No I never was involved with any of this at all. I did practise a form of chi kung/ kungfu; wich did work, powerful stuff; and the teacher has been accused of female unfriendly, some happenings in the school concerning rape; maybe that’s were the energy imprint of this comes from. I quit the school a while ago though, and don’t practise this style anymore.
The chi kung was pretty powerfull though; a zen style; and even a woman sneered at me once; “it’s zen, isn’t it??”. I’m like what?
No break ups or divorce. Ironically, my dad died 3 years ago, and I sacrificed my freedom of living by myself, to rent an appartment with my mom, to catch up for her loss.
No. I did have a type of sun burn, with skin peeling off at the back of the neck.
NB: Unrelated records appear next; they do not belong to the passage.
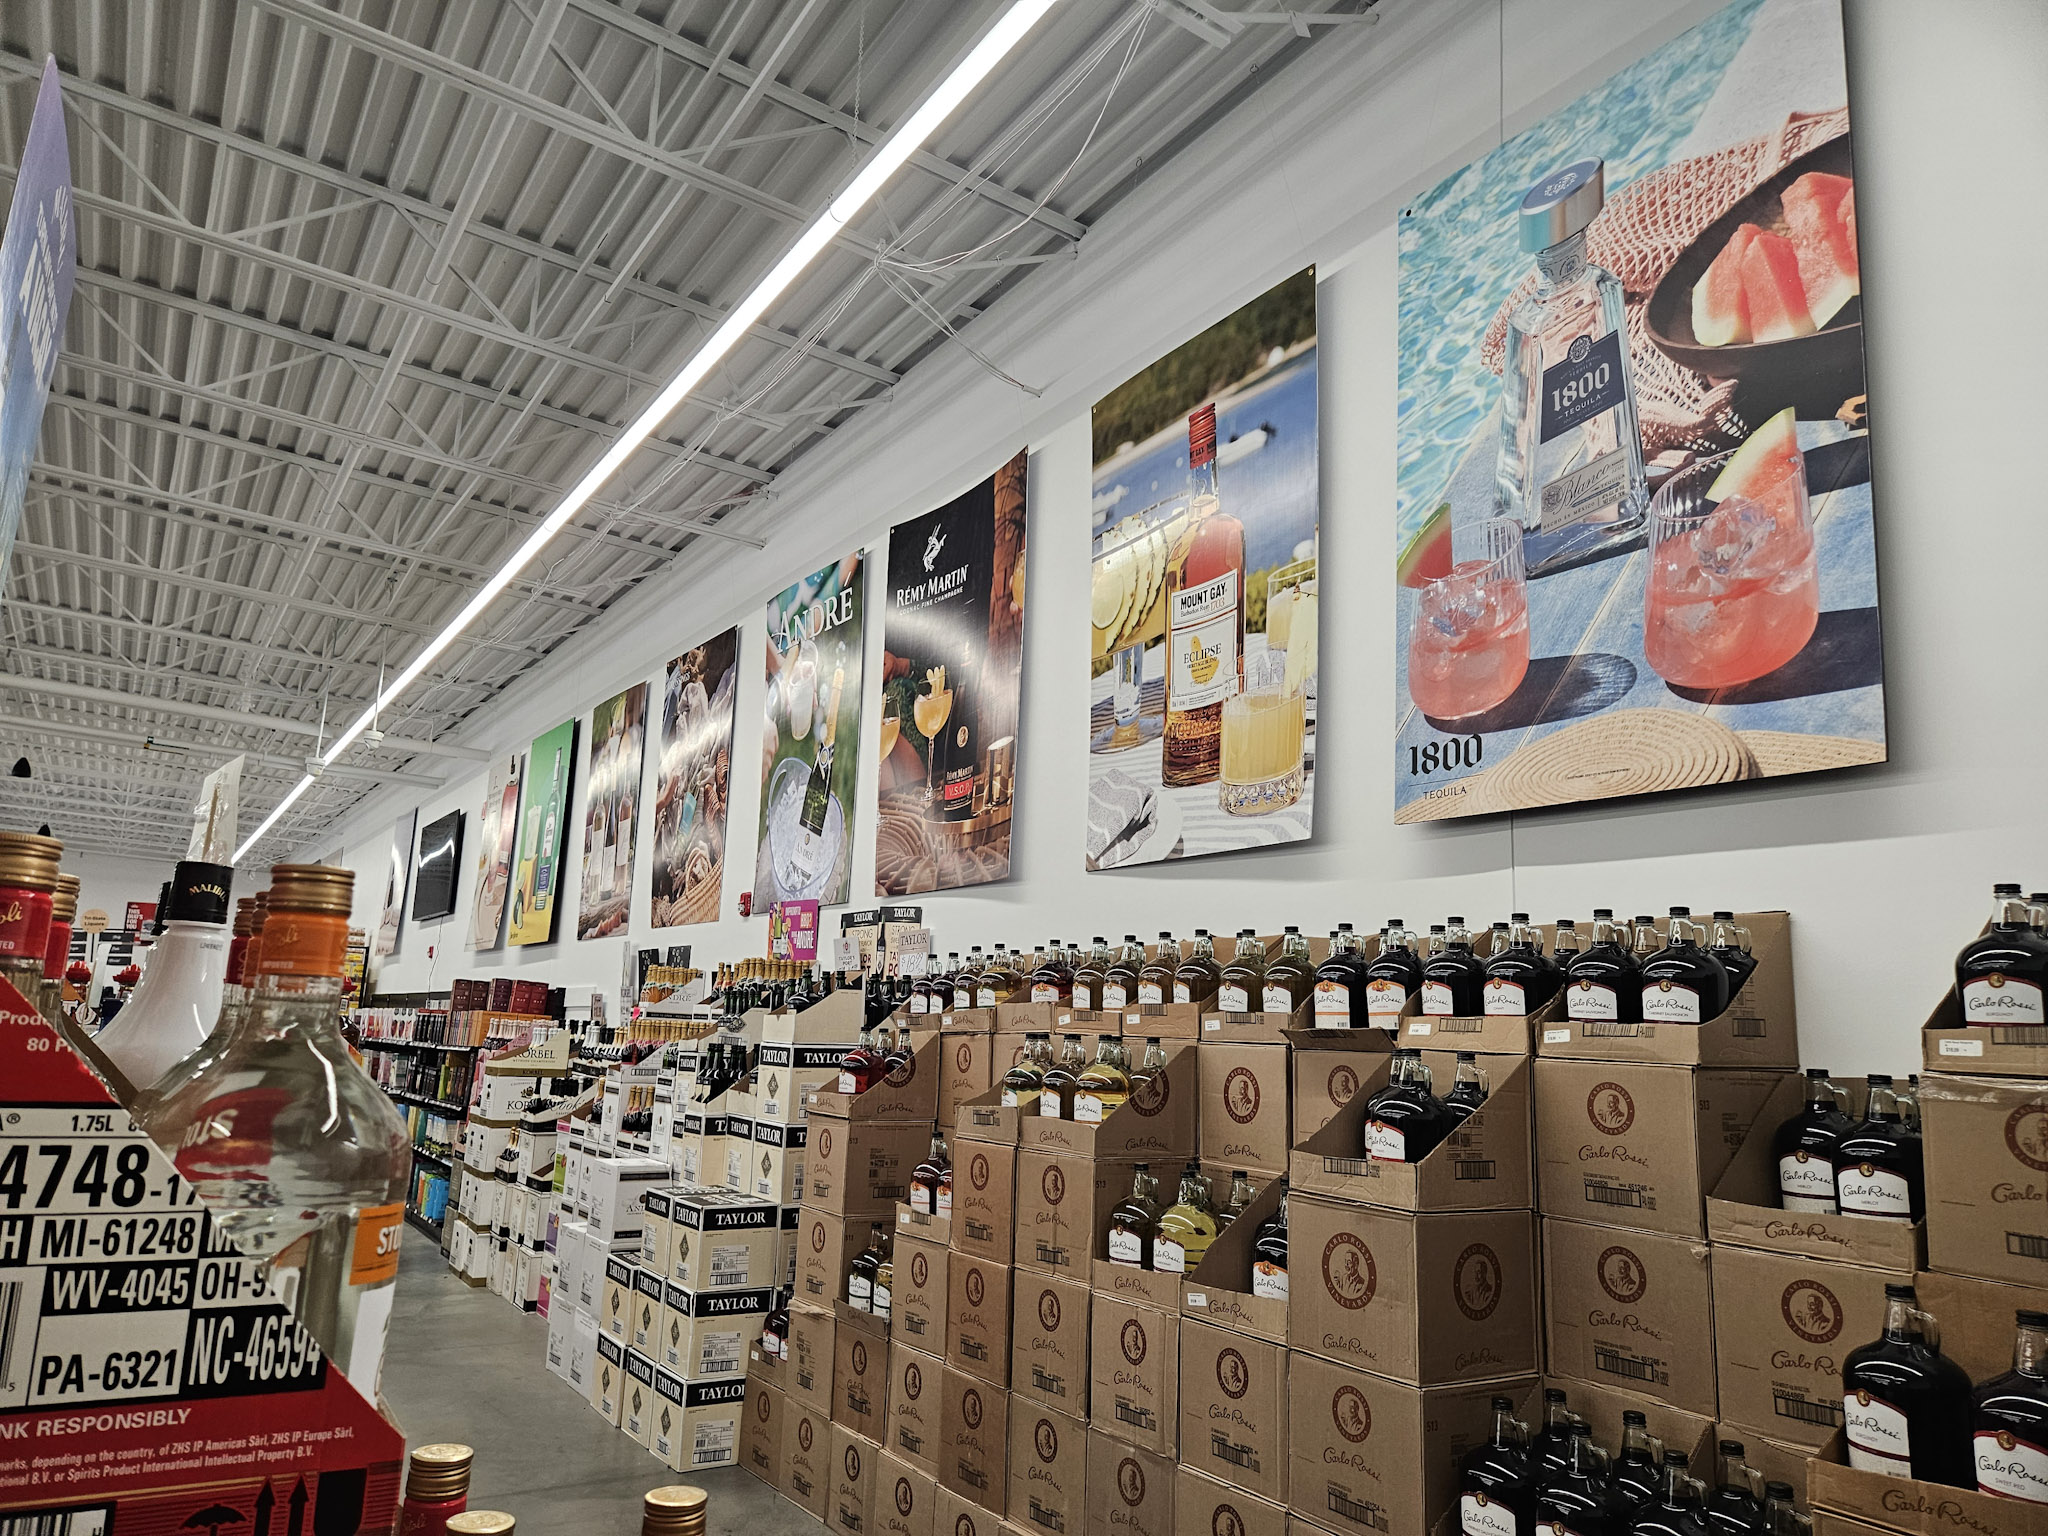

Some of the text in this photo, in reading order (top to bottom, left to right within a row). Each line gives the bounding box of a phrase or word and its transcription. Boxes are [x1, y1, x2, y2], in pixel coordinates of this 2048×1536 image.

[1551, 362, 1610, 412] 1800
[1564, 394, 1602, 417] TEQUILA
[1552, 463, 1610, 516] Blanco
[896, 563, 969, 608] RÉMY MARTIN
[1180, 582, 1226, 611] MOUNT GAY
[771, 570, 853, 655] ANDRÉ
[899, 586, 964, 616] COGNAC FINE CHAMPAGNE
[1210, 597, 1225, 612] 1703
[1183, 643, 1222, 664] ECLIPSE
[1408, 733, 1483, 777] 1800
[1422, 785, 1468, 800] TEQUILA
[854, 911, 874, 922] TAYLOR
[893, 907, 916, 918] TAYLOR
[900, 932, 928, 946] TAYLOR
[1570, 997, 1612, 1010] Carlo Rossi
[1646, 998, 1694, 1012] Carlo Rossi
[1969, 995, 2037, 1011] Carlo Rossi
[27, 1037, 50, 1052] 80
[762, 1049, 788, 1065] TAYLOR
[71, 1115, 114, 1132] 1.75L
[730, 1120, 749, 1136] TAYLOR
[756, 1125, 781, 1145] TAYLOR
[1223, 1145, 1262, 1161] Carlo Rossi
[1578, 1144, 1649, 1169] Carlo Rossi
[1783, 1169, 1834, 1185] Carlo Rossi
[648, 1196, 667, 1213] TAYLOR
[1843, 1184, 1904, 1201] Carlo Rossi
[1991, 1182, 2043, 1204] Carlo
[675, 1205, 699, 1227] TAYLOR
[715, 1211, 766, 1226] TAYLOR
[39, 1216, 197, 1259] MI-61248
[1765, 1220, 1853, 1249] Carlo Rossi
[1324, 1232, 1375, 1264] CARLO ROSSI
[608, 1262, 628, 1284] TAYLOR
[51, 1267, 190, 1311] WV-4045
[639, 1274, 660, 1298] TAYLOR
[1326, 1282, 1373, 1309] VINEYARDS
[667, 1287, 688, 1313] TAYLOR
[707, 1296, 759, 1312] TAYLOR
[1588, 1309, 1662, 1341] Carlo Rossi
[600, 1337, 618, 1363] TAYLOR
[1322, 1333, 1378, 1361] Carlo Rossi
[629, 1357, 651, 1383] TAYLOR
[1771, 1350, 1812, 1370] Carlo
[36, 1349, 179, 1396] PA-6321
[657, 1375, 681, 1402] TAYLOR
[36, 1407, 192, 1438] RESPONSIBLY
[1209, 1403, 1257, 1434] Carlo Rossi
[1427, 1420, 1438, 1433] 513
[32, 1452, 82, 1470] depending
[84, 1453, 96, 1464] on
[99, 1449, 114, 1462] the
[159, 1444, 170, 1456] of
[171, 1440, 191, 1455] ZHS
[193, 1439, 204, 1453] IP
[205, 1436, 247, 1452] Americas
[271, 1432, 290, 1445] ZHS
[292, 1430, 302, 1443] IP
[303, 1429, 332, 1443] Europe
[32, 1471, 51, 1485] B.V.
[54, 1472, 65, 1482] or
[67, 1467, 101, 1484] Spirits
[103, 1463, 141, 1478] Product
[143, 1455, 202, 1474] International
[204, 1450, 255, 1468] Intellectual
[257, 1447, 295, 1463] Property
[297, 1445, 315, 1458] B.V.
[1323, 1446, 1382, 1483] Carlo Rossi
[1463, 1509, 1511, 1534] Carlo Rossi
[1882, 1489, 1999, 1536] Carlo Rossi
I do have a patron deity; he came to interfere with my practise of chikung/ kugfu years back; and showed me ‘the proper way’; he rooted me, alligned me with the dan tian (energy point below the navel - it’s standard practise in Chinese martial arts). He has sticked with me ever since; he looked down very much upon my first chikung teacher, and I basically dropped out the school as everything was like child’s play as to compared what this Deity showed me.
I met a daoist master 10 years ago in Malaysia, with whom I experienced a full live tiger next to me, in colour. A type of totem I guess.
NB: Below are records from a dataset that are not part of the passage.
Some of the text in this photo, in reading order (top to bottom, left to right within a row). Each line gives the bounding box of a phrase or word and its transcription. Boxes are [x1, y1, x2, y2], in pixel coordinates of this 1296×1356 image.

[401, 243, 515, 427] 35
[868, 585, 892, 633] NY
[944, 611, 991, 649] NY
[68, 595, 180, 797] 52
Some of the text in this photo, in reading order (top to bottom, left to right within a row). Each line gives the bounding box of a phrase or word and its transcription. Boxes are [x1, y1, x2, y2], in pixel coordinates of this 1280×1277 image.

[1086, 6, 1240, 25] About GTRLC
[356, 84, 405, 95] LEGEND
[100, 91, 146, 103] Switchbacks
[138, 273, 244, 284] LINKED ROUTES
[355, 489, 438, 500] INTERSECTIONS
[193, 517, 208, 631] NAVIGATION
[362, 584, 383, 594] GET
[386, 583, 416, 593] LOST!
It’s him I visited last year, to have clearance on the matter of my Deity, and for protection, they told me it was a privilege to have been seeked out, and he linked me to him in an official way. I have his name and direction, he has a complete black face.
Ever since coming back though; I can hardly practise, he did came 2 or 3 times; cleaned me up; but my mind is scattered from all this stuff, I can hardly keep the connection these days.
Yes, I believe so. I feel it’s a whole group here, really, and I have a ghost like thing around me; smelling like sage; cooling my head; but it does not allow for free will; it dictates my choice of music (I love death metal - it starts stinking for example instead of sage), it tries to ‘illuminate’ my mind, giving me a different perspective over woman n general, looking at them as very healing, wich is not bad, in fact, I love woman, but I do not agree with the forcing on me, it’s in my head, enters my nostrils at night; perfume smell all around me, sometimes literral ‘pussy’ smell (excuse my french) ; and it basically dictates my life. I refuse to be brainwashed like this, I love woman; and my ‘dark’ side. My deity basically said “the middle road - one rule; virtue”. I love swords for example; have a beautiful combat ready katana, razor sharp; expensive, and it even dictates me with stench if I even just marvel at it. Same with violent video games.
Basically; I refuse to give in, making matters worse.
Crazy enough, the more white everything get’s, the more I crave the darkness, that’s why I believe a part of me is being taken; and I’m being brainwashed.
I woke up this week, to actual female like opera singing in the middle of the night, I couldn’t believe it.